> [Records contained in a dataset]
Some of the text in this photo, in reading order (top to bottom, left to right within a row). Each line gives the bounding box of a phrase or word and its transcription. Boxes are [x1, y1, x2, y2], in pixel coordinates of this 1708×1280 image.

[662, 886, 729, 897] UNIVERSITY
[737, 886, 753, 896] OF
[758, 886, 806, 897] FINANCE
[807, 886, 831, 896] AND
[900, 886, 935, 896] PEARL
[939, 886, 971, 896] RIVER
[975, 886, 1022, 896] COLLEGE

> [Task prompt]
Print out all the entries precisely as written.

> [Problem solution]
Some of the text in this photo, in reading order (top to bottom, left to right within a row). Each line gives the bounding box of a phrase or word and its transcription. Boxes are [x1, y1, x2, y2], in pixel coordinates of this 1708×1280 image.

[662, 886, 729, 897] UNIVERSITY
[737, 886, 753, 896] OF
[758, 886, 806, 897] FINANCE
[807, 886, 831, 896] AND
[900, 886, 935, 896] PEARL
[939, 886, 971, 896] RIVER
[975, 886, 1022, 896] COLLEGE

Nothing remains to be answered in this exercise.